Boosting 3-acetamido-5-acetylfuran production from N-acetyl-D-glucosamine in γ-valerolactone by a dissolution-dehydration effect

Chitin biorefinery offers a unique opportunity to sustainably produce highly-valued organonitrogen compounds such as the versatile pharmaceutical precursor 3-acetamido-5-acetylfuran (3A5AF), bypassing the Haber process and mitigating the consumption of fossil feedstocks. However, the reported protocols engaged large quantities of toxic organic solvents and required harsh conditions. In this work, a highly efficient catalytic system has been developed in the nontoxic, biobased gamma-valerolactone (GVL) solvent under relatively mild conditions. 3A5AF was selectively obtained with an unprecedent yield of 75.3% at 140 degrees C for 2 h by adding NH4SCN and HCl.
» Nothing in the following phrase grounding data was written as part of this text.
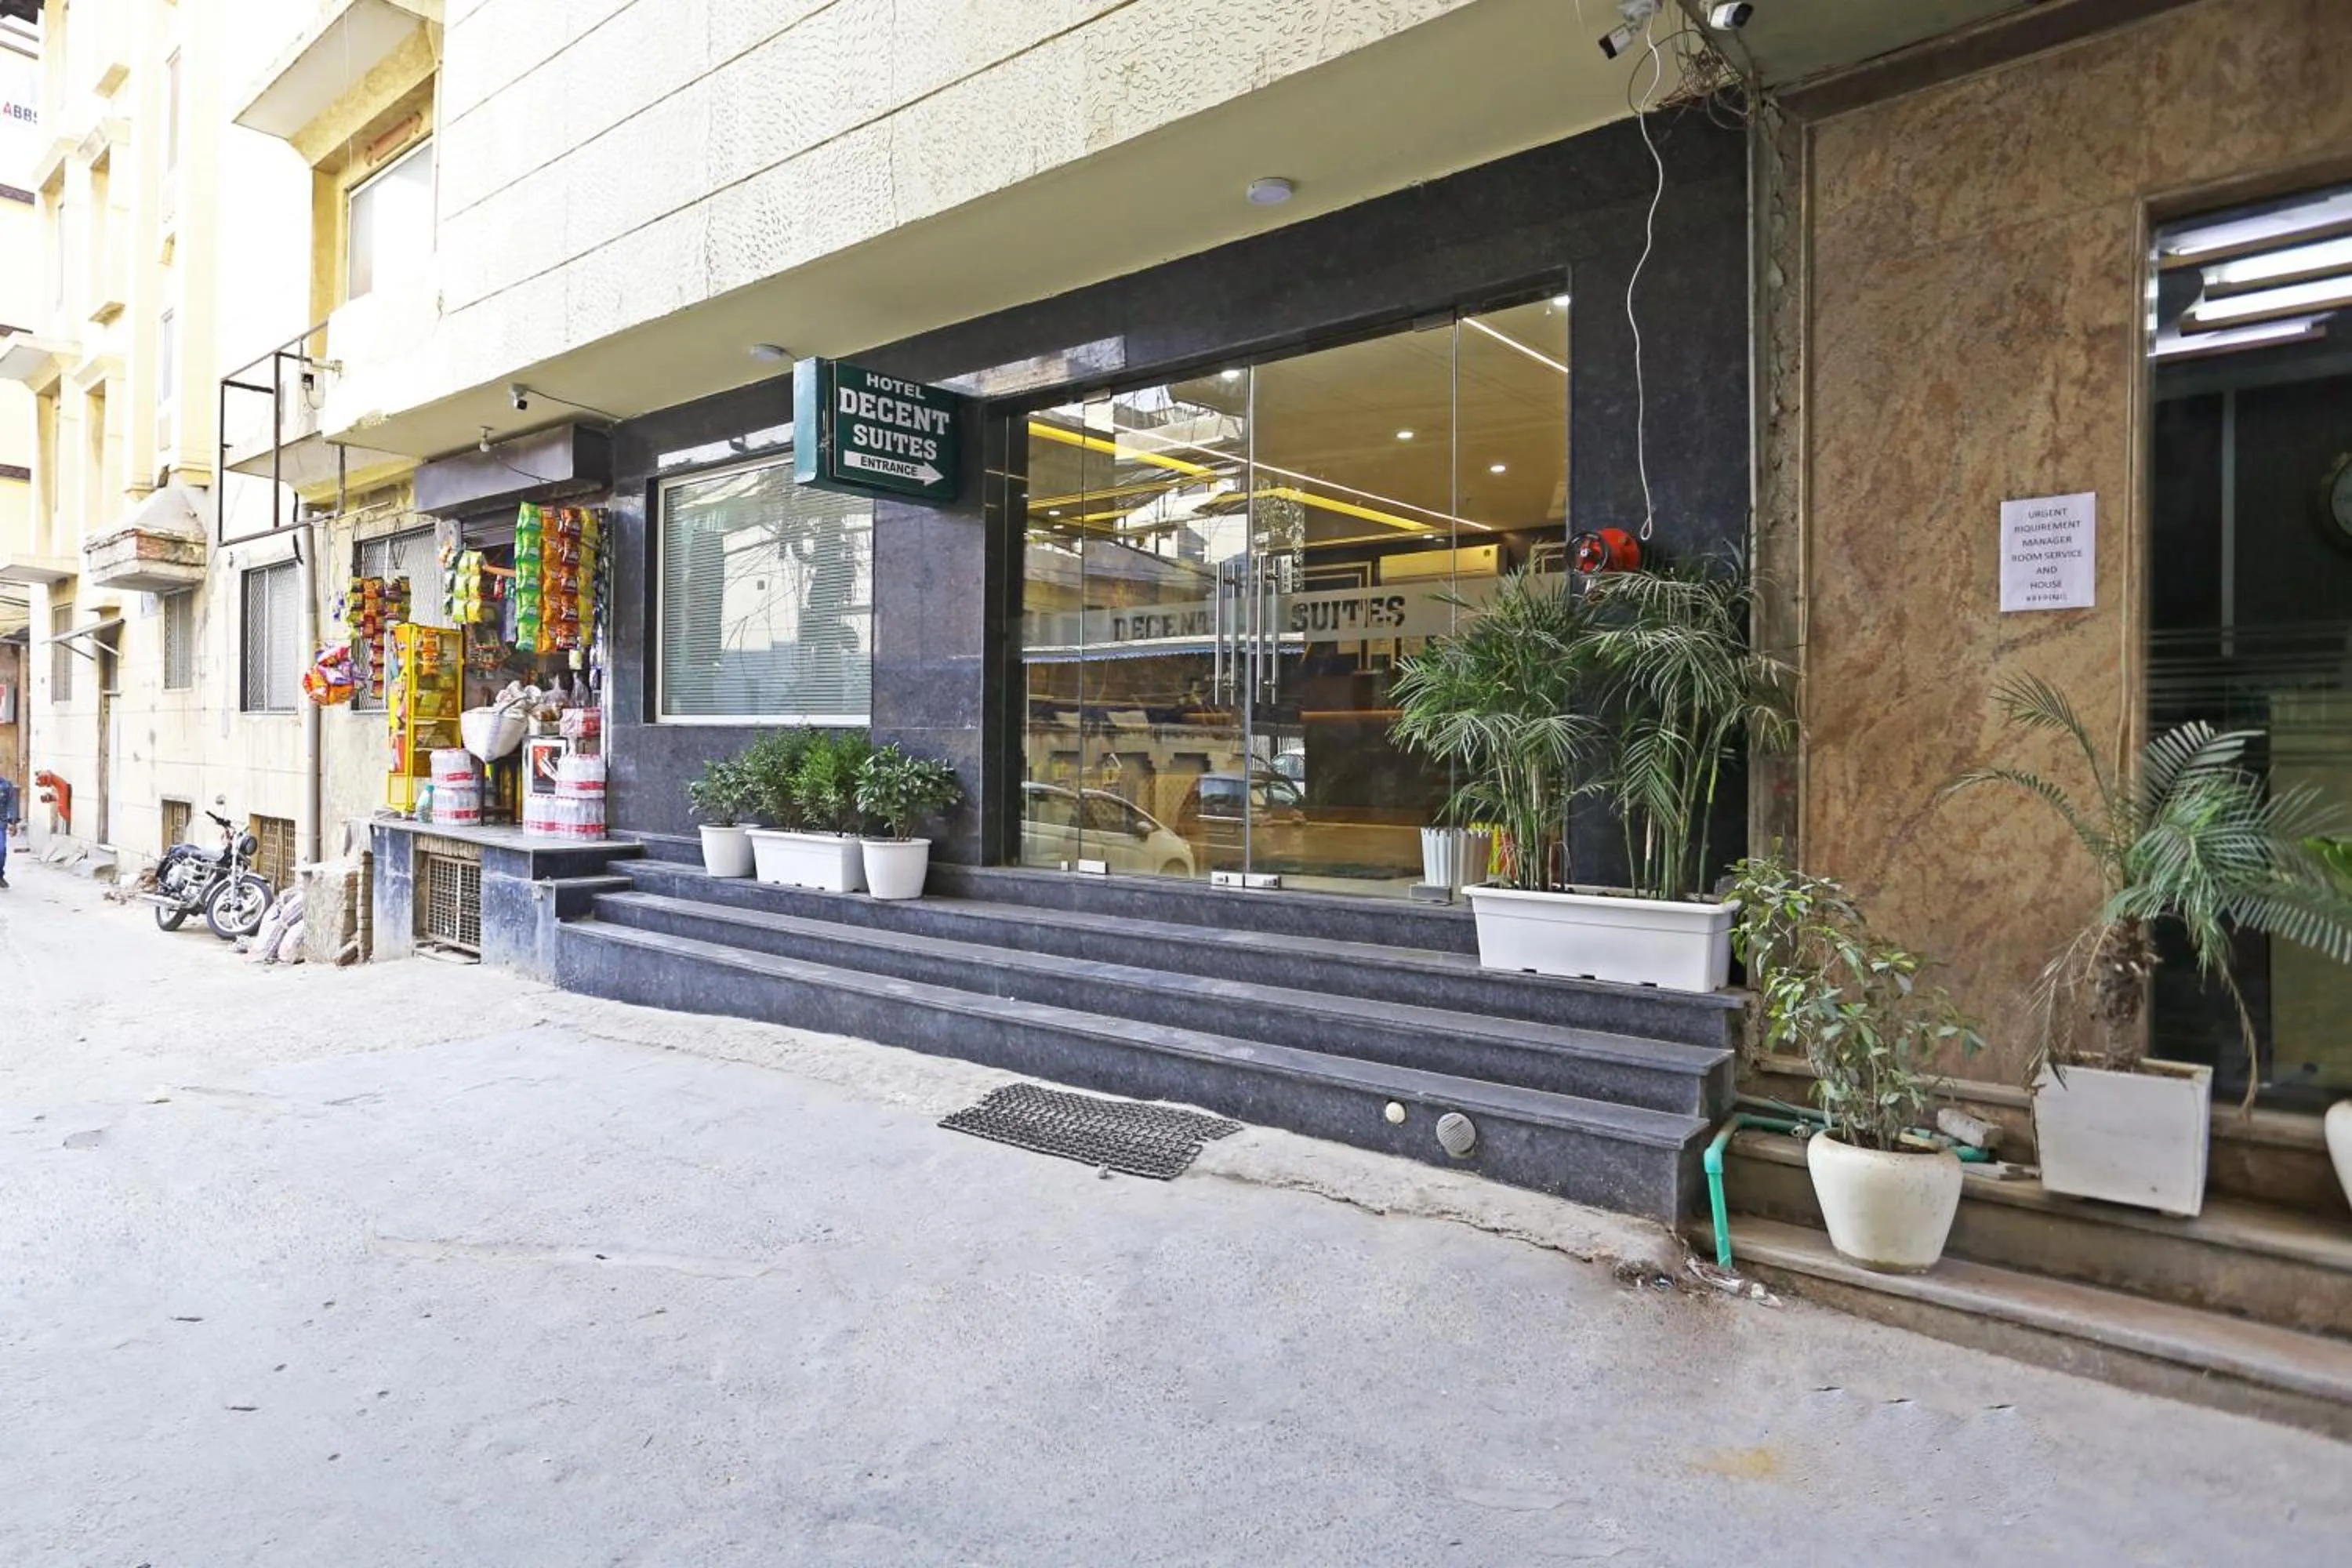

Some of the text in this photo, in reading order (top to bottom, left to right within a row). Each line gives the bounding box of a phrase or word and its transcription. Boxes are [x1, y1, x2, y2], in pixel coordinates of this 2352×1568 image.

[866, 372, 926, 400] HOTEL
[839, 387, 950, 435] DECENT
[853, 423, 937, 460] SUITES
[860, 456, 918, 477] ENTRANCE
[2028, 508, 2067, 518] URGENT
[2022, 536, 2072, 546] MANAGER
[2011, 550, 2082, 562] ROOM SERVICE
[2035, 565, 2057, 575] AND
[2030, 580, 2062, 589] HOUSE
[1292, 596, 1405, 631] SUITES
The high yielding was exclusively promoted by a dissolution-dehydration effect. Based on the UPLC-TOF-MS and NMR analyses, the presence of NH4SCN has induced a very rapid NAG conversion possibly by coordinating with the acetamido group and the hydroxyl groups, and the 3A5AF product was obtained in a subsequent dehydration pathway from NAG with the Chromogen I and Chromogen III as the intermediates.